My mother is 80 years old. She has had Alzheimer's for at least 10 years and has lived in a nursing home for 14 months.
In the past 3 months, she has developed really bad aphasia and in the past 2 weeks she has started wetting herself. My mother becomes belligerent when you even suggest bathing or changing clothes. Therefore the staff at our lousy nursing home don't do it most of the time. Before you advise me to move her, I want you to know that's in the works, but it's hard to place a resident with "behaviors," which is how they've had to document her to cover their own negligence. And nursing homes aren't exactly falling all over themselves to accept someone who's already on medicaid and has a tiny social security check. Oh, and I'm darn lucky to have her in a place where she has a private room, is not beaten up, and is relatively safe. I'm in NY. The nursing home situation is not good. (And yes, I've considered other states.) I have discussed the bathing and changing issue with everyone from the aides to the nurses, charge nurse, DON, social worker, and yes, even the CEO. I hit a stone wall with every single one of them. Their response was to both threaten me then follow through by beginning to send her to the ER for the slightest infraction, which they let slide, or handle, in other residents. They said she's a "danger to self and others" and they use loaded words like "abusive to staff" in their paperwork to the hospital. (The hospital staff tells me they're not doing their job.) So that's their game, I am looking for better for my mother, but that's not the answer I'm looking for here.
Here's my question: Mom has aphasia. She gets frustrated because she's not understood. She's having accidents (#1 and sometimes #2). It doesn't seem to bother her that she has soiled herself. She has forgotten most of her life. Seeing her like this, a scared angry woman with urine stains on her clothes, a woman who opens her mouth an gibberish comes out. She pleads with her eyes to be understood, but we are not able to understand her. I understand her more than most. I see her relegated to that tray and table at the nursing home while all sorts of horror goes on around her, from the screamers to the aides complaining about their jobs. I feel so sorry for her. I know the woman she used to be and I know in my heart, for a fact, that she would NOT want to live like this.
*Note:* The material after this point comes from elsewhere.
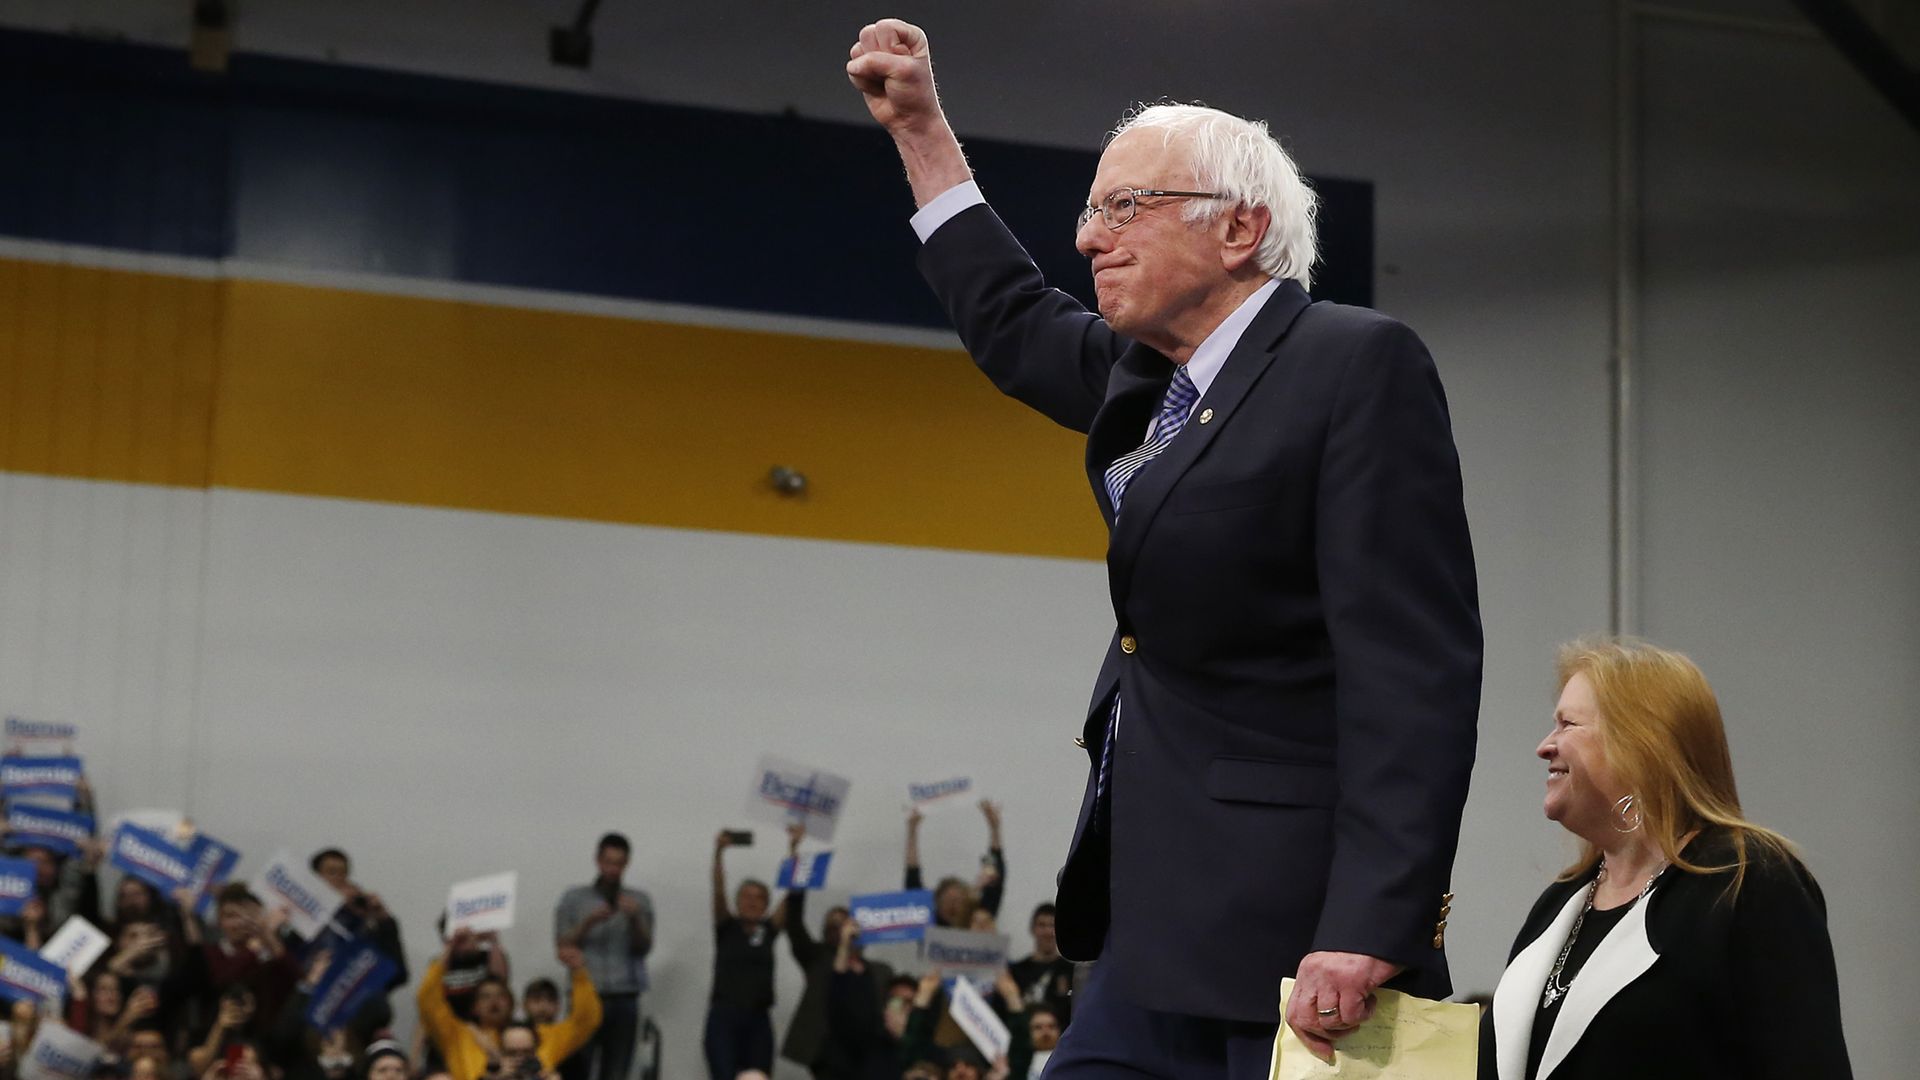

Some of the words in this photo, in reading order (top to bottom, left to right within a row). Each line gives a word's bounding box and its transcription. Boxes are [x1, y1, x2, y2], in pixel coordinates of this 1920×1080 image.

She takes Aricept, which breaks down the proteins and tangles in the brain of a person with Alzheimer's. It allows that person to function better, longer, but ultimately the disease will outpace the affect of the Aricept and the person will die of Alzheimer's.
I am considering asking the NP to stop the Aricept so the brain damage will kill her faster. I feel like a monster putting it into those words, but that's what I mean. It's beginning to feel like forcing a terminal cancer patient into rounds and rounds of chemo that's only prolonging their suffering. Nothing will bring my mother back to the woman I have known. She's so unlike herself now that I'm beginning to get these flashes of thoughts that she's not even my mother. Please help.
I hope this question makes sense. I love my dear mom more than life and owe it to her, always, as much as I can, to do what's right by her. So would she suffer more with the Aricept or without it. If it is stopped, our previous neurologist said she will "tank." I wonder if that would be worse than prolonging her life....
However, I don't know if D'C'ing Aricept would actually bring death sooner or merely fail to moderate the complications of dementia.
. dementia sufferers are confused and rightfully upset , but i have also seen by personal experience that they can be quite disconnected and content .
I think what Pam said is the way to go -- trying to reduce the anxiety and giving as much comfort as possible. If she doesn't like wet baths, is there someone who will give dry baths? Or would she also fight against them? My father would tolerate dry baths better than wet ones, so we used dry mixed with some wet when it was needed.